The vast majority of people who regularly engage with SocialVR platforms will have encountered a harasser. Even among the biggest enthusiasts, myself included, there’s widespread admission that the troubling phenomenon exists and the main debate seems to be whether platforms are doing enough to counter harassing behavior. My goal in writing is not to answer this exact question, but to propose that SocialVR platforms work within their means to curate a safe and positive experience for their visitors. One resource immediately available to them are data: on their users, their patterns of behavior, and even the words that come out of their mouth.

My early experiences in SocialVR, conversations with platform staff, and contact with We Make Realities led me to make harassment in SocialVR the topic of my recently completed thesis at Bosphorus University, entitled A Framework for Understanding and Detecting Harassment in SocialVR. It represents both my great affection for SocialVR and proposed acts toward ensuring it will be a viable, enduring medium in the long term. Natural Language Processing as a means of targeting verbal harassment represents a segment of the completed project, but it will be the topic of this publication. Some of the following text will be pulled from the text while some of it will constitute a type of commentary.

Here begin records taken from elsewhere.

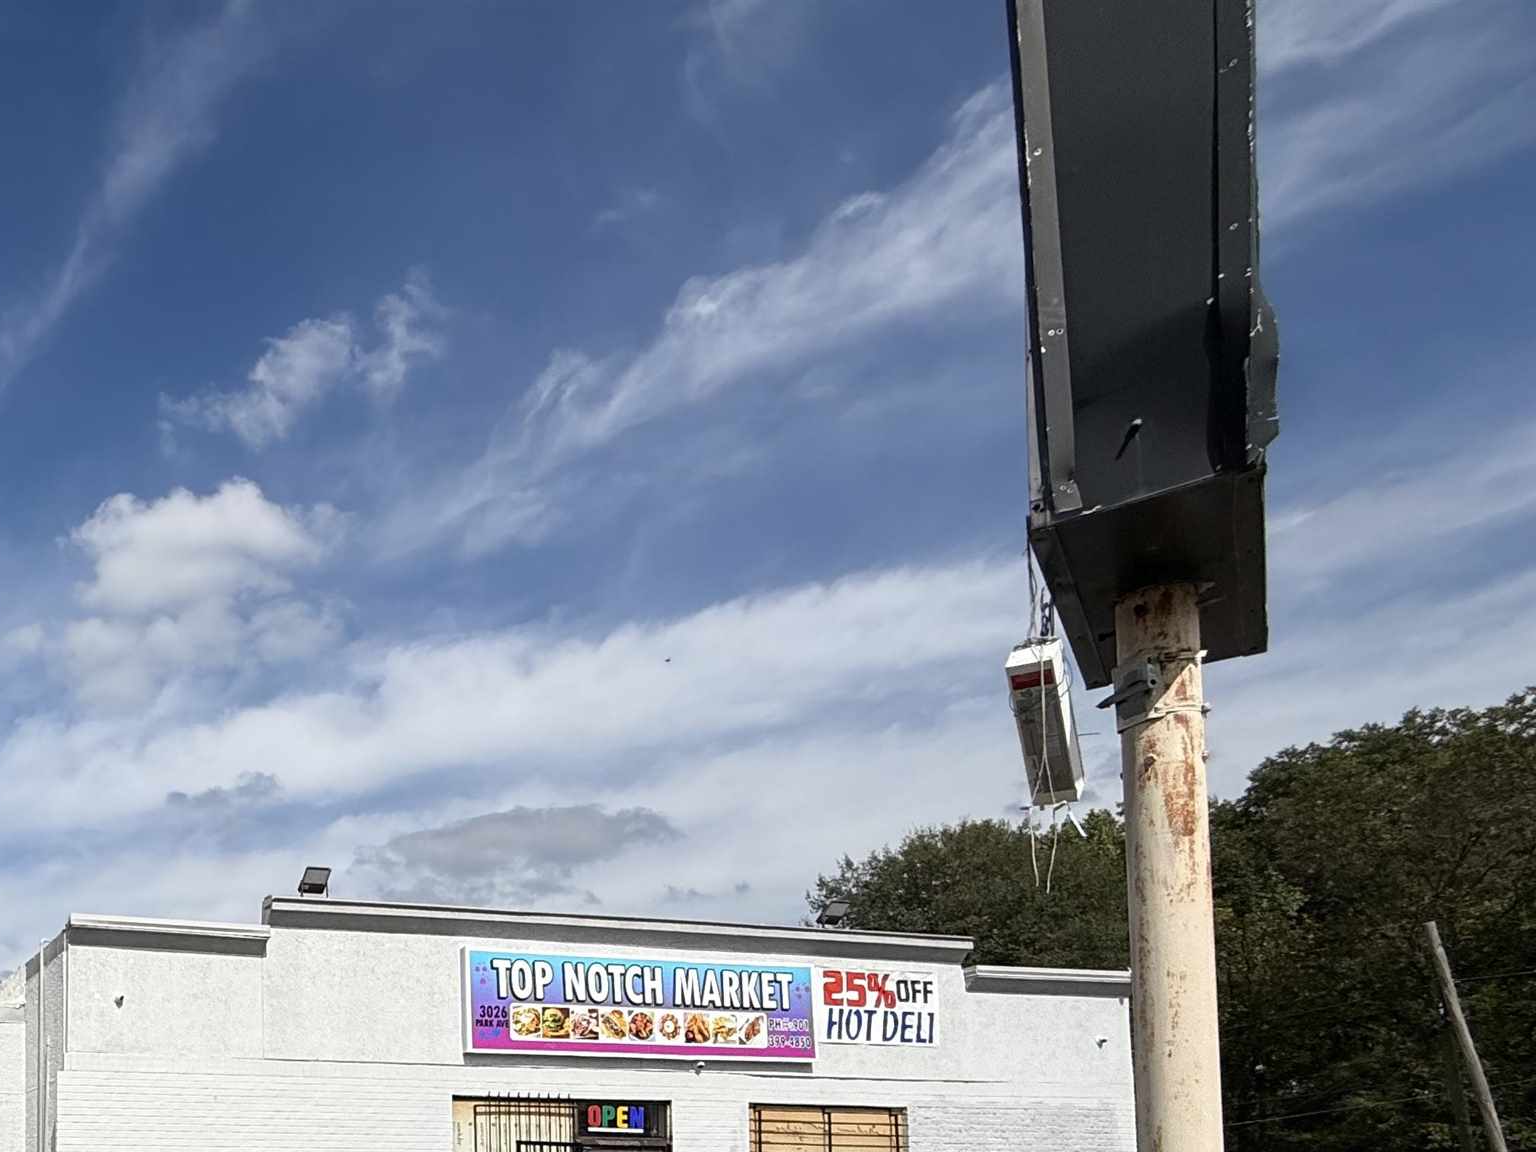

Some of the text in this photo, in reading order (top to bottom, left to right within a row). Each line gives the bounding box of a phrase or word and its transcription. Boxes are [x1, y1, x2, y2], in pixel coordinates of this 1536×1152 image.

[491, 958, 794, 1011] TOP NOTCH MARKET
[822, 970, 933, 1009] 25% OFF
[475, 1019, 510, 1029] PARK AVE
[479, 1005, 508, 1019] 3026
[826, 1008, 934, 1044] HOT DELI
[587, 1104, 645, 1129] OPEN

Summer 2017 was the data collection period for the thesis work in which I recorded my session in SocialVR, including multiple popular platforms which will remain anonymous. Likewise, the usernames of the speakers are aliases. During this time, I collected 107 incidences of harassment that became part of the qualitative data. These sometimes came in sequences so, for example, one conversation may include a few independent incidences of harassment. The fact that I witnessed so many incidences of harassment over a three-month span does not represent the prominence of harassment in SocialVR since there was selection bias involved. In session, I stayed in populated areas with extroverted men, and I arranged to be in SocialVR most often late at night on weekends (PST) since, to my ears, it was the peak time for harassment. Here is a summary of a few cases regarding verbal harassment (Note: These cases aren’t necessarily harassment in every context, but they are considered harassment given the context in which they occurred):

1) Justin harasses Sam by remarking on his height as being ideal for the performance of oral sex. When Sam rejects participation in the taboo act and moves away, Justin demands that he return to the spot, allowing Justin to receive oral sex from him.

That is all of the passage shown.